Furthermore, we have only considered the top-down processes used in answering IQ test questions, i.e. processes driven by the PFC, but not spontaneous bottom-up processes. Some studies have demonstrated that spontaneous bottom-up insight could result in even better outcomes than top-down reasoning (Salvi et al. 2016). The neurological mechanisms of spontaneous insight are likely very different from those of top-down PFC-driven approach. The visual perception of an insight solution may also involve synchronization of independent neuronal ensembles, however such synchronization is likely to be a spontaneous process. In such a process the role of the PFC may not be to phase-shift the neurons, but to select and prime the neuronal ensembles with categories relevant to a problem thus increasing their probability to fire and synchronize spontaneously with other primed ensembles.

Another limitation was that the analysis was based in large part on the subjective judgment of the panelists. The panelists reported challenges in identifying the minimal neurobiological requirements for the correct answer for two main reasons: 1) there were often multiple ways to arrive at the correct answer and 2) their own ability to perform mental synthesis routinely obscured other methods of solving a problem. The panelists reported that they had to apply extra effort in order to “simulate” the mind of a subject with mental synthesis disability to try to solve questions without relying on mental synthesis.
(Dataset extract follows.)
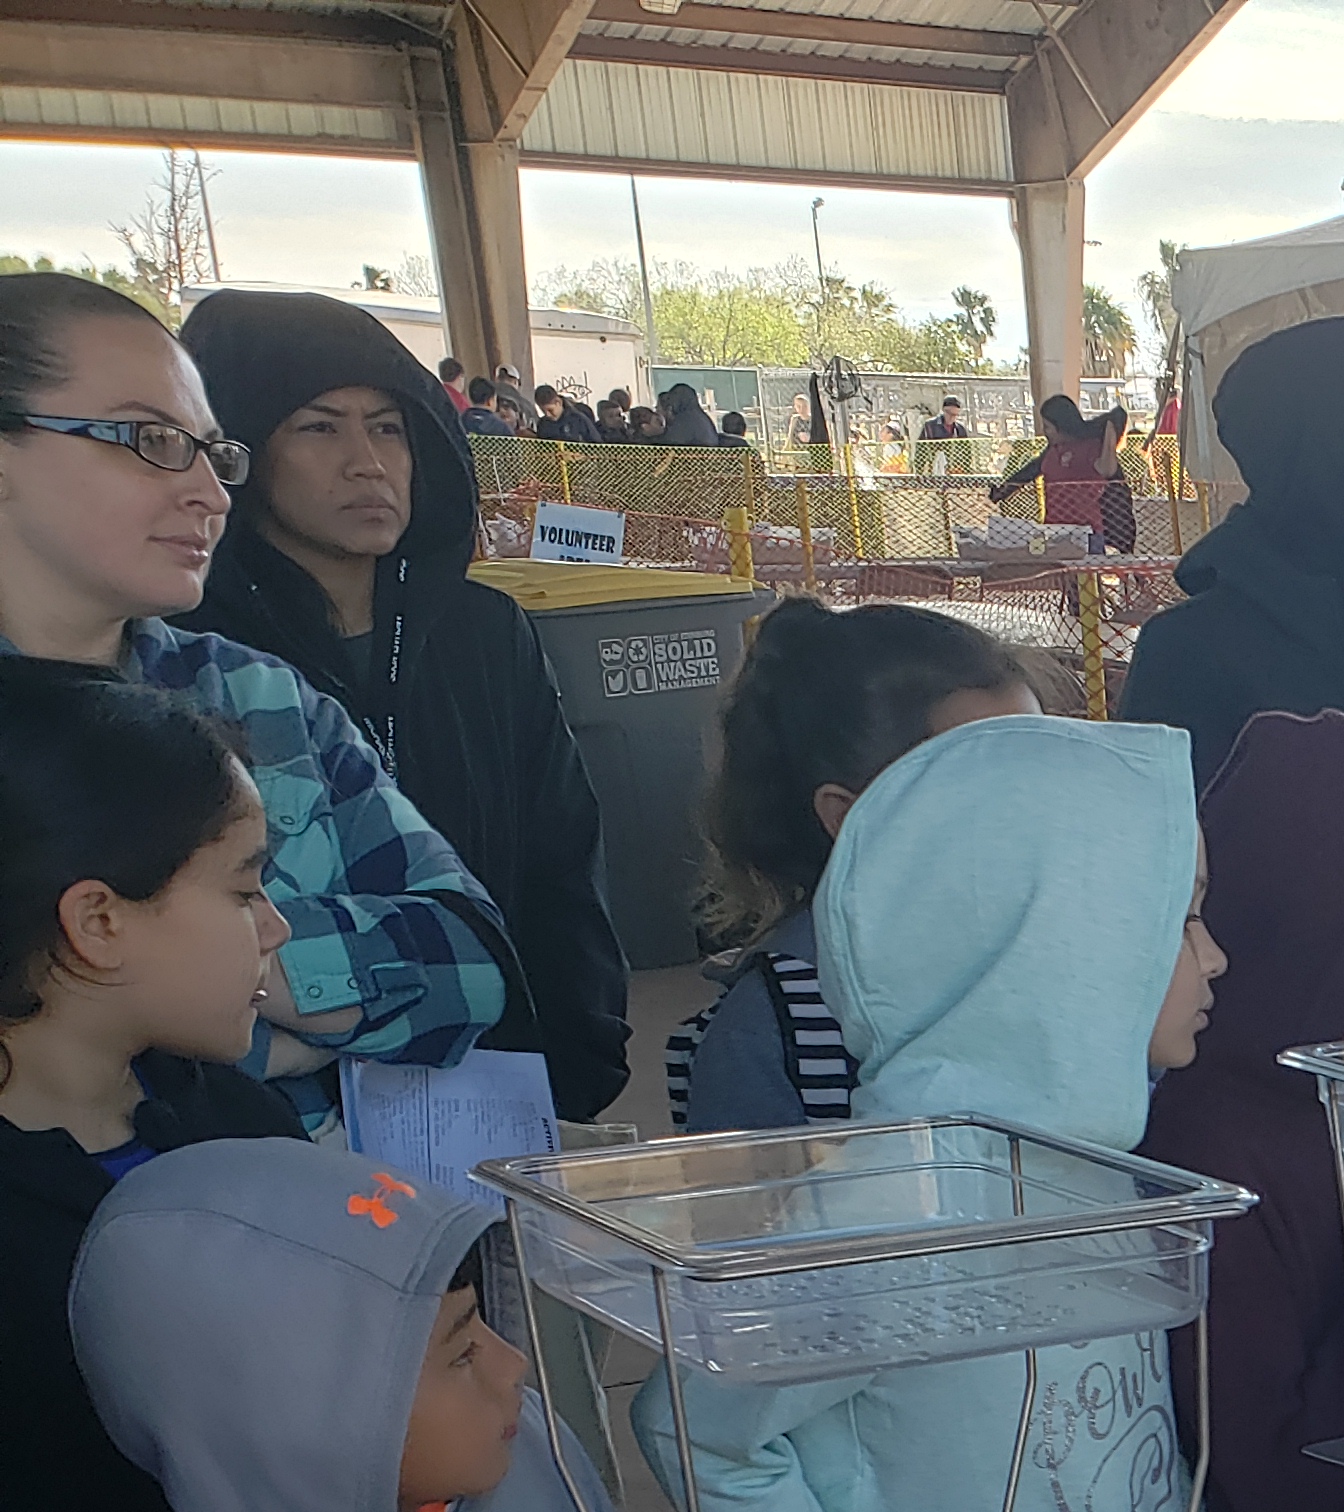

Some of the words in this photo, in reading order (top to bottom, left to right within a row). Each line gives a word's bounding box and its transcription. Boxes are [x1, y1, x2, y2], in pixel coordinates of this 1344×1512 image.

Panelists also noted that some test questions could be simplified or solved by the process of elimination of impossible answers. To reduce ambiguity, panelists were instructed to avoid this approach entirely. However, actual subjects taking the test who employ this approach would have likely answered more questions correctly and therefore received a higher IQ score. Accordingly, the IQ score threshold determined by the panel may underestimate the actual IQ score thresholds for each neurological disability.

Despite these limitations, we think that the panelists were able to grasp the gist of neurological mechanisms tested by non-verbal IQ tests and to correlate subject’s IQ score to specific neurological mechanism disability. We hope this analysis will be useful for both designers of future IQ tests and designers of educational materials for people with intellectual disabilities.